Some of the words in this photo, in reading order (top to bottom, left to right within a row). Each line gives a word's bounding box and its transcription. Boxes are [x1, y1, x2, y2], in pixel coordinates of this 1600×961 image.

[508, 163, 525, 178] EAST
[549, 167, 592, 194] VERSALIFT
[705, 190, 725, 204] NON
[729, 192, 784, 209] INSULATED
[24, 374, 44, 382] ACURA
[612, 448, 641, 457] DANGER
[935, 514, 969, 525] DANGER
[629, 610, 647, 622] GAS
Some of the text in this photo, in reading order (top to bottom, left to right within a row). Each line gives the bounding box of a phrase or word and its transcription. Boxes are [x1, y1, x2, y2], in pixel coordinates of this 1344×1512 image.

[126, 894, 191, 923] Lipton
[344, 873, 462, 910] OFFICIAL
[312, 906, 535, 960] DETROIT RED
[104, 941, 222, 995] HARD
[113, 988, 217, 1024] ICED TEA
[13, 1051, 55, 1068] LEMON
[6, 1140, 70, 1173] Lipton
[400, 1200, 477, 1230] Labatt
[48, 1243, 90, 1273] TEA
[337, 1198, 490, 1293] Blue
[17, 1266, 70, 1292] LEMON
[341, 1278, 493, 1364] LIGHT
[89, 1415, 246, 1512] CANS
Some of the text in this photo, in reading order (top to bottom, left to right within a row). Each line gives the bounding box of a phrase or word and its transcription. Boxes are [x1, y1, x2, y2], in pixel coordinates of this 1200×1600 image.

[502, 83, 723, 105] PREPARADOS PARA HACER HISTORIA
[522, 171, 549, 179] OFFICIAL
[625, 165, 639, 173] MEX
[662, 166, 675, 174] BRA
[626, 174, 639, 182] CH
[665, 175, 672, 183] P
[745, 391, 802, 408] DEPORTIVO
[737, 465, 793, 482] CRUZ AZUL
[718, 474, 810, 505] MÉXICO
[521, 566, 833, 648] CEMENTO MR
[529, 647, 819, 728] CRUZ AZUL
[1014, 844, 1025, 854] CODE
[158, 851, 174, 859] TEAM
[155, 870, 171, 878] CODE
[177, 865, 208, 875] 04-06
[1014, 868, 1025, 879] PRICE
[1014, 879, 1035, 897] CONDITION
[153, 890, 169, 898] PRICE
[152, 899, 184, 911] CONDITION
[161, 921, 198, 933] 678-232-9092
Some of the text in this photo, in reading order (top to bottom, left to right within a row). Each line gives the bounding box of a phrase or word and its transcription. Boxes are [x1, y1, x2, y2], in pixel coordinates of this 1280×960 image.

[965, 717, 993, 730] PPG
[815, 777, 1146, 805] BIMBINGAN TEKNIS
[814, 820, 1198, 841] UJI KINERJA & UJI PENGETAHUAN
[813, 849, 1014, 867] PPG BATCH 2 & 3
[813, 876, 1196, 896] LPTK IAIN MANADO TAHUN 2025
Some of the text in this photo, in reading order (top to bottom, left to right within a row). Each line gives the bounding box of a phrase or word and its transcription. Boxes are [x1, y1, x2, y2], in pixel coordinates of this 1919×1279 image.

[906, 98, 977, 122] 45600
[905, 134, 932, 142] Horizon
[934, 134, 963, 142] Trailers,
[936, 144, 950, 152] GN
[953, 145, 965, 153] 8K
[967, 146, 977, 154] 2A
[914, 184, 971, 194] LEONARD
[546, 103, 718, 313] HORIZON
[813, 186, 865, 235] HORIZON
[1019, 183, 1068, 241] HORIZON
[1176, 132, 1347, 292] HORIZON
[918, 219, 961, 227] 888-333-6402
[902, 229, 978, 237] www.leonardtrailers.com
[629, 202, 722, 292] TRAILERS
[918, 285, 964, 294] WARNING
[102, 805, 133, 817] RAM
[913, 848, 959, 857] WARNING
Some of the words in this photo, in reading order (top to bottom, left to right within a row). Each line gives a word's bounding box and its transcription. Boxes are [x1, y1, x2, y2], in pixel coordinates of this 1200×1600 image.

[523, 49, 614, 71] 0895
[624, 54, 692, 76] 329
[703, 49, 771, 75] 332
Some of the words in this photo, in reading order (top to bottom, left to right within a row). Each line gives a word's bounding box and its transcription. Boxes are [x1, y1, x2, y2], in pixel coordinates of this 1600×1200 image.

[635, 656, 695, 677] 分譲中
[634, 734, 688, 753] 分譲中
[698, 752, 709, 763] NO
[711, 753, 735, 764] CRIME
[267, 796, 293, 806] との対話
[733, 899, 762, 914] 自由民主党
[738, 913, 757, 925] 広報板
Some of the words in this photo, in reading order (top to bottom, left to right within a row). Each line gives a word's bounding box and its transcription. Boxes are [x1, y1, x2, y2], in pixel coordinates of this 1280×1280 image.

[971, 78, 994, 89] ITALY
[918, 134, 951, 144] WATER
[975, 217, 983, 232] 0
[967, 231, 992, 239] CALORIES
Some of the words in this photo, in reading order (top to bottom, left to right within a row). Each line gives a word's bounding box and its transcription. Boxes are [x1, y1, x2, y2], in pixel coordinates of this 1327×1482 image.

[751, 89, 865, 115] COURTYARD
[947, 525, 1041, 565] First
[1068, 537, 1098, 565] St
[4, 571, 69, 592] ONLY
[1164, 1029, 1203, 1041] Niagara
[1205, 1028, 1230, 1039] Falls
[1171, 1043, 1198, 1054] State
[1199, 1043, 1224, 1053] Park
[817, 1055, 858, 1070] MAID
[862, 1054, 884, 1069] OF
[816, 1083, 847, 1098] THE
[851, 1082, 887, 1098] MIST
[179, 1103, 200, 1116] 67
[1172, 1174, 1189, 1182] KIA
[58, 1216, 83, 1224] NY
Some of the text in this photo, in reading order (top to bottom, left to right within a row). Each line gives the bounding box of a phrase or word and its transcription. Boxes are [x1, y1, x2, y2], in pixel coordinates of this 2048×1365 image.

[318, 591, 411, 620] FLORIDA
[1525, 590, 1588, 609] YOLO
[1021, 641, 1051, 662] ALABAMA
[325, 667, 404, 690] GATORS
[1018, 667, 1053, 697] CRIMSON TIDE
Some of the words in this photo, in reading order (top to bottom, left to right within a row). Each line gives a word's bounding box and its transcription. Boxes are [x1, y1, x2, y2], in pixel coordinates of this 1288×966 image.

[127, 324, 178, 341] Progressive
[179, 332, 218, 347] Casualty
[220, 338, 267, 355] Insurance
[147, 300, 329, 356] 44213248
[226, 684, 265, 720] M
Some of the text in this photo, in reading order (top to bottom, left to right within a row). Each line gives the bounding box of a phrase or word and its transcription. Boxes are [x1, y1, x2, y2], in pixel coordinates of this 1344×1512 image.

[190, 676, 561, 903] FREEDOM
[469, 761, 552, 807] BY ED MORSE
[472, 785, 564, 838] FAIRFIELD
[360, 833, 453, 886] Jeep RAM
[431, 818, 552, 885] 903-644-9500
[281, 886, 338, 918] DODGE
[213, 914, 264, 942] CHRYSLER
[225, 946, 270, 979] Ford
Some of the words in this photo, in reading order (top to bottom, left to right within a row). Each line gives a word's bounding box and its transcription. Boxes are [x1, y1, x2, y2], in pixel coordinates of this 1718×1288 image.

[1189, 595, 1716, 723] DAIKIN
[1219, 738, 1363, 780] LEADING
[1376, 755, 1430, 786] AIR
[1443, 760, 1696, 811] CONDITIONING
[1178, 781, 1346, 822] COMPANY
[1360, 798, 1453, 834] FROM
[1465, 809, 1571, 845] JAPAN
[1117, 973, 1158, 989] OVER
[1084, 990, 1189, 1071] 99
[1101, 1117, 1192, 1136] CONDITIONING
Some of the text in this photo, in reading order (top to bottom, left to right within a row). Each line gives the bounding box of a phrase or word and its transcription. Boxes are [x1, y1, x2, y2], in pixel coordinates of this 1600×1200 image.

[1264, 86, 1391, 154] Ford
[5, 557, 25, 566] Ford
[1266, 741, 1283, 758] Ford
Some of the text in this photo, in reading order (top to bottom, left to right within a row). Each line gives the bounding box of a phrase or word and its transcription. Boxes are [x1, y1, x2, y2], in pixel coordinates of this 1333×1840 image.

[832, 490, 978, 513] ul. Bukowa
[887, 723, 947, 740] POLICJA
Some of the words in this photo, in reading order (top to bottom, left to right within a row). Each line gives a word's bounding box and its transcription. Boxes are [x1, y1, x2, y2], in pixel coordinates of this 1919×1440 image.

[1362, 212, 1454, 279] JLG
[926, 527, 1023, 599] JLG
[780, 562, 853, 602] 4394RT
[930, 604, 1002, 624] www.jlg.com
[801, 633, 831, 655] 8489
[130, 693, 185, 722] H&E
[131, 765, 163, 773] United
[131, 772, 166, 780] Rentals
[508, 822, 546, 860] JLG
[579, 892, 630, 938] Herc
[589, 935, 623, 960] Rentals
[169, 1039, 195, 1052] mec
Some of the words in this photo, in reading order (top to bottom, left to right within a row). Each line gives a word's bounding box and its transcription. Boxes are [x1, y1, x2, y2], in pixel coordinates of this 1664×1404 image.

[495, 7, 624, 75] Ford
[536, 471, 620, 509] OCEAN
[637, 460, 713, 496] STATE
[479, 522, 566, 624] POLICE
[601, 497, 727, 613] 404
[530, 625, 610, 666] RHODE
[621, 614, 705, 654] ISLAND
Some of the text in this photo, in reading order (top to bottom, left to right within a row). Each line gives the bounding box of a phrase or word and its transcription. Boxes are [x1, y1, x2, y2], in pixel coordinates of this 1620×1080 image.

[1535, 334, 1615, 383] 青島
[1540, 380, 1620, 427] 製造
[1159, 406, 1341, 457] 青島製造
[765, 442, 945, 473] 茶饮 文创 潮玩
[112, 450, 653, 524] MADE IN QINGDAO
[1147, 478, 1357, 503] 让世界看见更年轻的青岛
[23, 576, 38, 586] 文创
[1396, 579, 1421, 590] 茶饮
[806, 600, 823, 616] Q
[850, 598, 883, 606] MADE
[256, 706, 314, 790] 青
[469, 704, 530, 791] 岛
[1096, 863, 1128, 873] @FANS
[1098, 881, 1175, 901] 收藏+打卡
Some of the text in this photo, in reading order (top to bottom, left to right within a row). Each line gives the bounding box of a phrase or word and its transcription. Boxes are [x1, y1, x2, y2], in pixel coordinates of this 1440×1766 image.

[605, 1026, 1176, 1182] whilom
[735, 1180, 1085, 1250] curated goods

- [Task prompt]: Exact copies of the lines from the one holding "this 1440×1766 image." through the last line above, and only those, make up the answer.

- [Solution below]:
Some of the text in this photo, in reading order (top to bottom, left to right within a row). Each line gives the bounding box of a phrase or word and its transcription. Boxes are [x1, y1, x2, y2], in pixel coordinates of this 1440×1766 image.

[605, 1026, 1176, 1182] whilom
[735, 1180, 1085, 1250] curated goods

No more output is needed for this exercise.